- Data in this exercise -
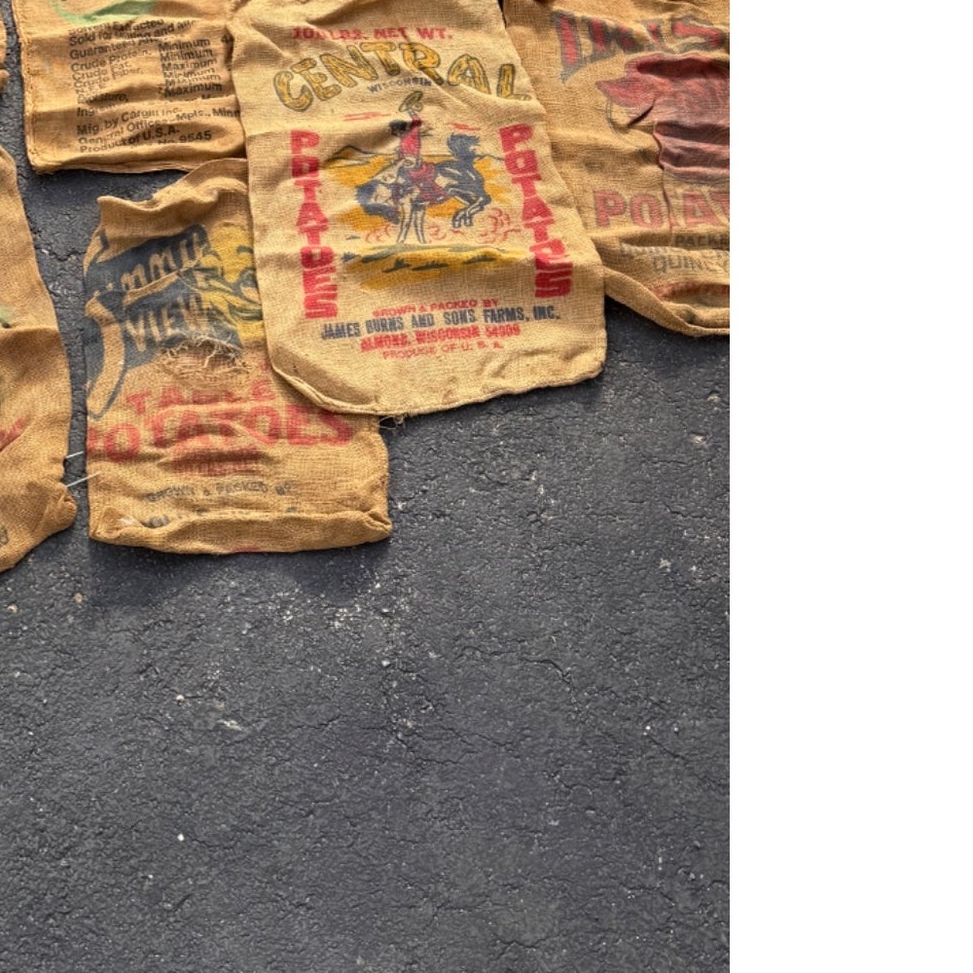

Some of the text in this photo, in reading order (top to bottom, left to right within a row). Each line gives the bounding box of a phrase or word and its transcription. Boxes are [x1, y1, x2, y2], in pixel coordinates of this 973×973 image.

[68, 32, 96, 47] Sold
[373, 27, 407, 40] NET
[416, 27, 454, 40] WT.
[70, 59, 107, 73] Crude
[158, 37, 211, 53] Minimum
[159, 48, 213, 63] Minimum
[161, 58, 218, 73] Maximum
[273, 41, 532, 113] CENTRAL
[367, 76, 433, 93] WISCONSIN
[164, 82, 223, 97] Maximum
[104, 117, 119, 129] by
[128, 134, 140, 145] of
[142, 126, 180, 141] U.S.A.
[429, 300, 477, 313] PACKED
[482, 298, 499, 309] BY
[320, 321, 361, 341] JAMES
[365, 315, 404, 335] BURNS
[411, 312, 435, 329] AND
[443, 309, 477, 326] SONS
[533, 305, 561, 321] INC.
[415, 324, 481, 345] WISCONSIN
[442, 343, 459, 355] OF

- Your assignment -
Repeat the records word for word, skipping pictures.

- Answer space -
Some of the text in this photo, in reading order (top to bottom, left to right within a row). Each line gives the bounding box of a phrase or word and its transcription. Boxes are [x1, y1, x2, y2], in pixel coordinates of this 973×973 image.

[68, 32, 96, 47] Sold
[373, 27, 407, 40] NET
[416, 27, 454, 40] WT.
[70, 59, 107, 73] Crude
[158, 37, 211, 53] Minimum
[159, 48, 213, 63] Minimum
[161, 58, 218, 73] Maximum
[273, 41, 532, 113] CENTRAL
[367, 76, 433, 93] WISCONSIN
[164, 82, 223, 97] Maximum
[104, 117, 119, 129] by
[128, 134, 140, 145] of
[142, 126, 180, 141] U.S.A.
[429, 300, 477, 313] PACKED
[482, 298, 499, 309] BY
[320, 321, 361, 341] JAMES
[365, 315, 404, 335] BURNS
[411, 312, 435, 329] AND
[443, 309, 477, 326] SONS
[533, 305, 561, 321] INC.
[415, 324, 481, 345] WISCONSIN
[442, 343, 459, 355] OF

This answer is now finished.